With an efficient architecture in place, and optimal power management, the remaining item to optimize is the technology. As already discussed, the GPU requires layout density and lower-power devices to sustain the growth in required compute capability. To facilitate this, separate standard cell libraries are required on an APU, as illustrated in Figure 7, in which the high-performance CPU flop design consumes almost 50% more area than the high-density (but slower) GPU flop design. The reduced power rails in the high-density library facilitate routability while taking advantage of lower power densities in the parallel compute units. This trade-off makes sense when the flop count differences are assessed: all four CPU cores on Llano instantiate 660,000 flops, while the Llano GPU uses almost 3.5 million of them. Density is essential.

![Image](image2.png)

**Figure 7: High-density vs. High-performance Library Comparison**

A density-optimized library benefits from tight metal pitches, while a performance-optimized design wants thicker, lower-RC wires. These conflicting demands place extra stress on the choice of a metal stack that best balances the needs of both. An important point here as regards interconnect issues is that for both serial and parallel computation, quality interconnect is imperative. As shown in Figure 8, we are at the cusp of a dramatic increase in wire RC delays due to a number of factors such as small geometries resulting in increased edge effect scattering, the lack of dielectric improvement and the overhead from copper cladding layers. This trend will seriously reduce
both the density and performance benefits of process scaling, so some sort of revolutionary improvement in interconnect is required.
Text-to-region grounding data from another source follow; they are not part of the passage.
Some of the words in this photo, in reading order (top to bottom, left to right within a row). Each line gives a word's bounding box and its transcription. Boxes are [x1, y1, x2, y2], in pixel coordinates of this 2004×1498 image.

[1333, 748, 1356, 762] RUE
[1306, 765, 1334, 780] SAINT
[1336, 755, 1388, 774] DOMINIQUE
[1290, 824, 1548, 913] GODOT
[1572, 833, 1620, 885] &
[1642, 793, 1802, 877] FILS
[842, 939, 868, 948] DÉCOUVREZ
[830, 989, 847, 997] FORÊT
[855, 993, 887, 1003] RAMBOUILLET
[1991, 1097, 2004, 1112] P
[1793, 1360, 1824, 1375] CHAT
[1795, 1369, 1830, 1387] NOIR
![RC vs. Process Node](image)

**Figure 8: RC Trends**

Another mis-match in the technology needs of these architectures can be seen in Figure 9: CPU and GPU Vt Mix Differences 9, which plots the percentage of transistor width for each Vt choice in the two designs. The GPU makes heavy use of the least leaky and slowest long-channel HVT (LC-HVT) device, while the same device goes virtually unused in the CPU because speed loss is unacceptable. The CPU makes heavy use of the RVT device for speed, but the GPU cannot afford the leakage. Future implementations will need to engage in careful analysis of optimum Vt offerings for each design style and work with the fab to strike the right balance.

![APU Vt Mix](image)

**Figure 9: CPU and GPU Vt Mix Differences**

The next technology challenge driven by an emphasis on parallel computation is shown in Figure 10. If we hold power density constant to avoid increasing the cost of the cooling solution, but take advantage of the density improvements of the process technology generations, the operating voltage necessarily decreases. This puts extreme pressure on device variation control and transistor drive characteristics. Low leakage tends to demand high Vts that enable reduced power density, but this is at odds with the demand for reasonable performance at very low voltages.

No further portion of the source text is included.